Supplied entries:
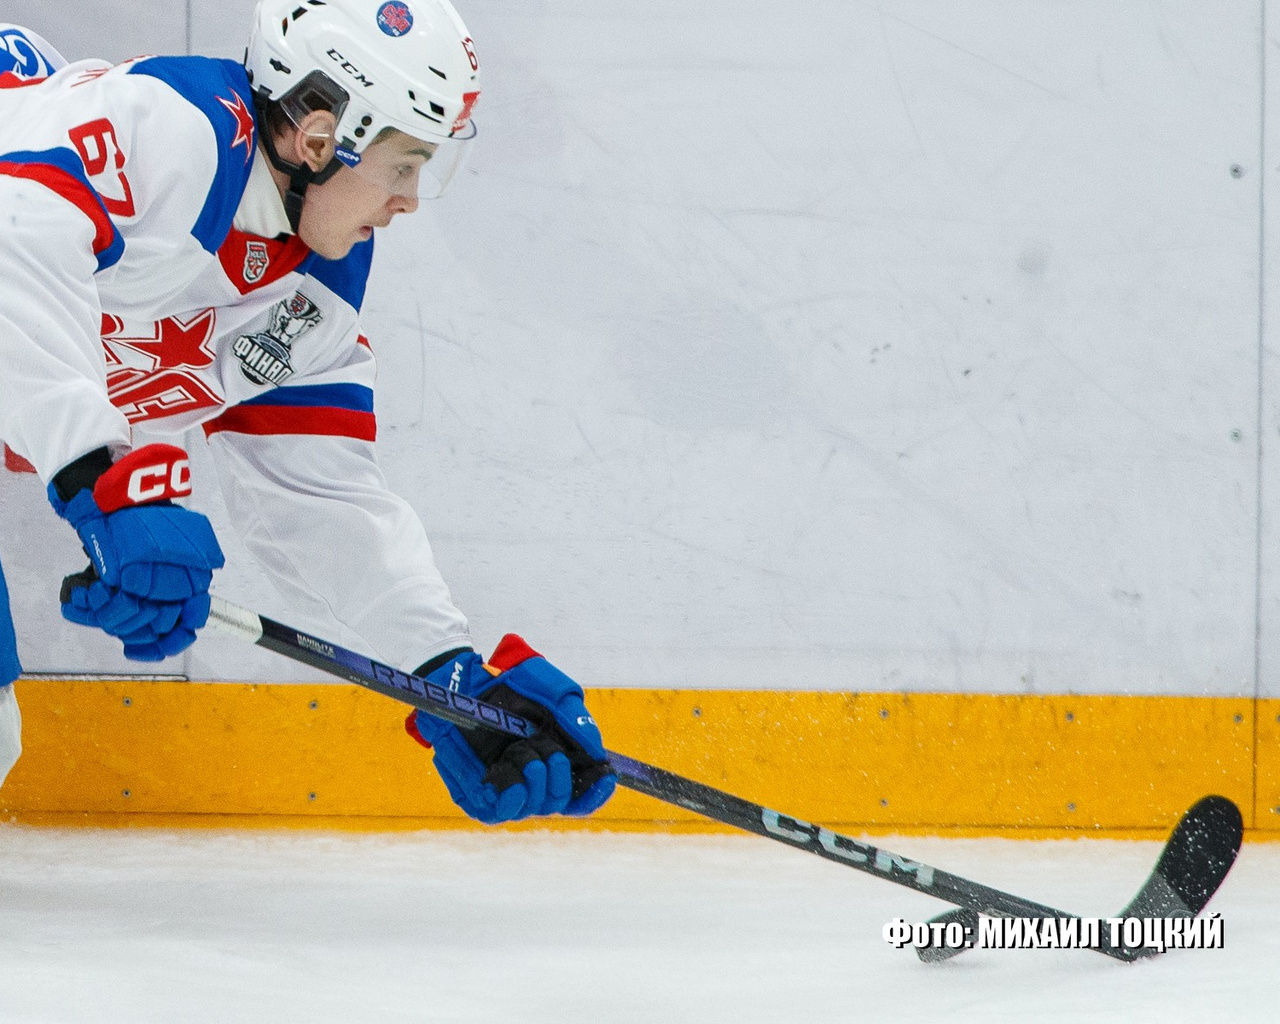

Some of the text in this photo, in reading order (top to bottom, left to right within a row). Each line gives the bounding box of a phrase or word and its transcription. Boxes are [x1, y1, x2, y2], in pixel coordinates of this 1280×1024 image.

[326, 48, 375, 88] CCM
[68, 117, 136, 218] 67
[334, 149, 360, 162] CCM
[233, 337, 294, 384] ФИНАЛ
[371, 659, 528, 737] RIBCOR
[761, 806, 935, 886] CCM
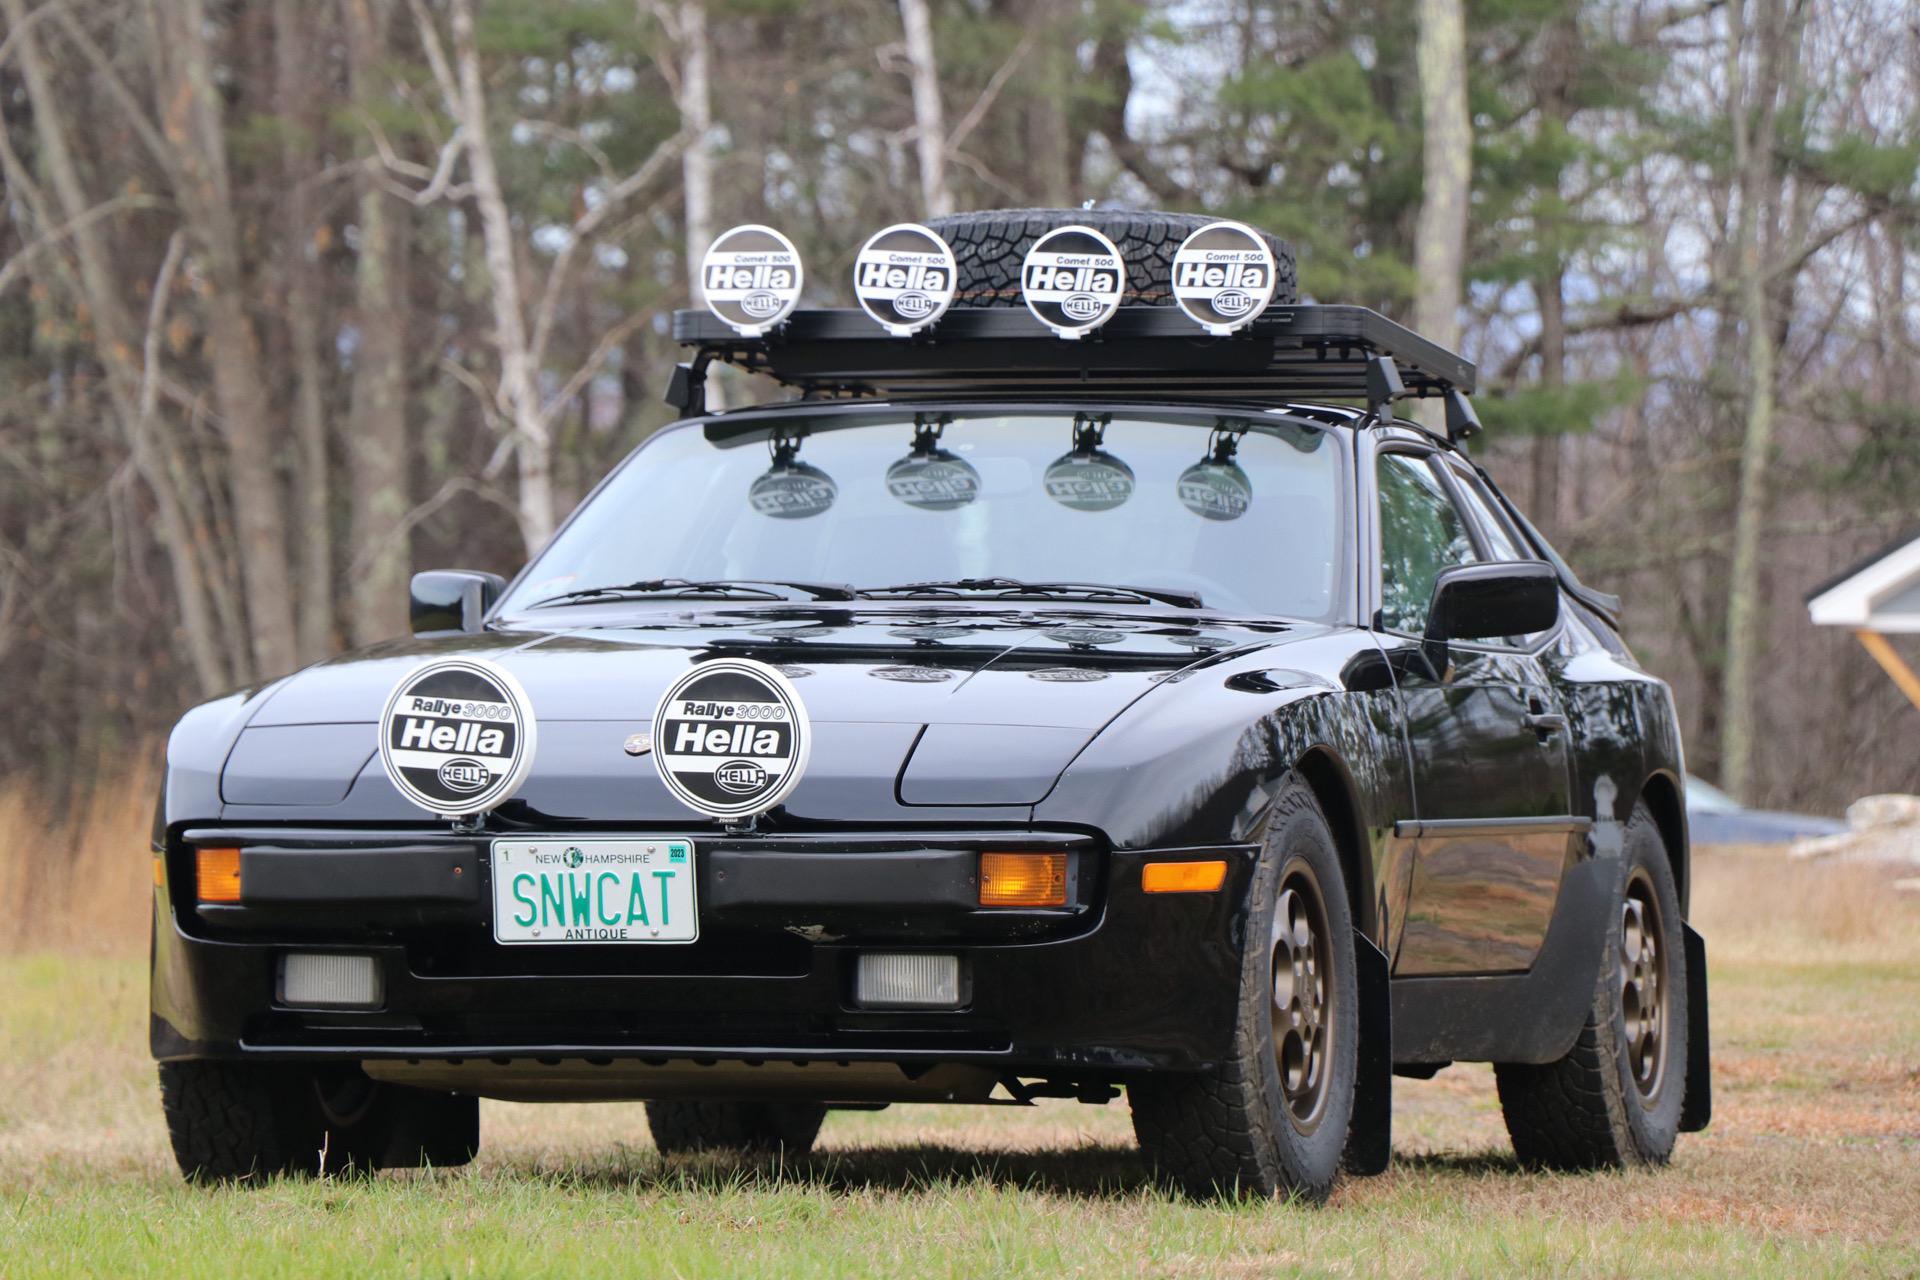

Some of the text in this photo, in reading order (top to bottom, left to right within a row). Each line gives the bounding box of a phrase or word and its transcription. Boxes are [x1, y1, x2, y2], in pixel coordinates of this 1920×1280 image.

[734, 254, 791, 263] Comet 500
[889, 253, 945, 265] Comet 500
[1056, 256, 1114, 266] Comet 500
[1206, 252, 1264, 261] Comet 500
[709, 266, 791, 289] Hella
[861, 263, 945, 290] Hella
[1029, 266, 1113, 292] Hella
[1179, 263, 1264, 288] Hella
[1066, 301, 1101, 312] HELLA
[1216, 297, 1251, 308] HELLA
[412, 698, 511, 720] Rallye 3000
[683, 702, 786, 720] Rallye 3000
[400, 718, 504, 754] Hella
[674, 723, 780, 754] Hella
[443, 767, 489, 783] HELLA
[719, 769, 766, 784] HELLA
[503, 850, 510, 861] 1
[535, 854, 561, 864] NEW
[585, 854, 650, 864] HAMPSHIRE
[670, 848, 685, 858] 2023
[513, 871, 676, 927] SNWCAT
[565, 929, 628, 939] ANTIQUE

Problem to work on: The full material above must be output verbatim, minus any pictures.

Answer to the exercise:
Some of the text in this photo, in reading order (top to bottom, left to right within a row). Each line gives the bounding box of a phrase or word and its transcription. Boxes are [x1, y1, x2, y2], in pixel coordinates of this 1280×1024 image.

[326, 48, 375, 88] CCM
[68, 117, 136, 218] 67
[334, 149, 360, 162] CCM
[233, 337, 294, 384] ФИНАЛ
[371, 659, 528, 737] RIBCOR
[761, 806, 935, 886] CCM

Some of the text in this photo, in reading order (top to bottom, left to right within a row). Each line gives the bounding box of a phrase or word and its transcription. Boxes are [x1, y1, x2, y2], in pixel coordinates of this 1920×1280 image.

[734, 254, 791, 263] Comet 500
[889, 253, 945, 265] Comet 500
[1056, 256, 1114, 266] Comet 500
[1206, 252, 1264, 261] Comet 500
[709, 266, 791, 289] Hella
[861, 263, 945, 290] Hella
[1029, 266, 1113, 292] Hella
[1179, 263, 1264, 288] Hella
[1066, 301, 1101, 312] HELLA
[1216, 297, 1251, 308] HELLA
[412, 698, 511, 720] Rallye 3000
[683, 702, 786, 720] Rallye 3000
[400, 718, 504, 754] Hella
[674, 723, 780, 754] Hella
[443, 767, 489, 783] HELLA
[719, 769, 766, 784] HELLA
[503, 850, 510, 861] 1
[535, 854, 561, 864] NEW
[585, 854, 650, 864] HAMPSHIRE
[670, 848, 685, 858] 2023
[513, 871, 676, 927] SNWCAT
[565, 929, 628, 939] ANTIQUE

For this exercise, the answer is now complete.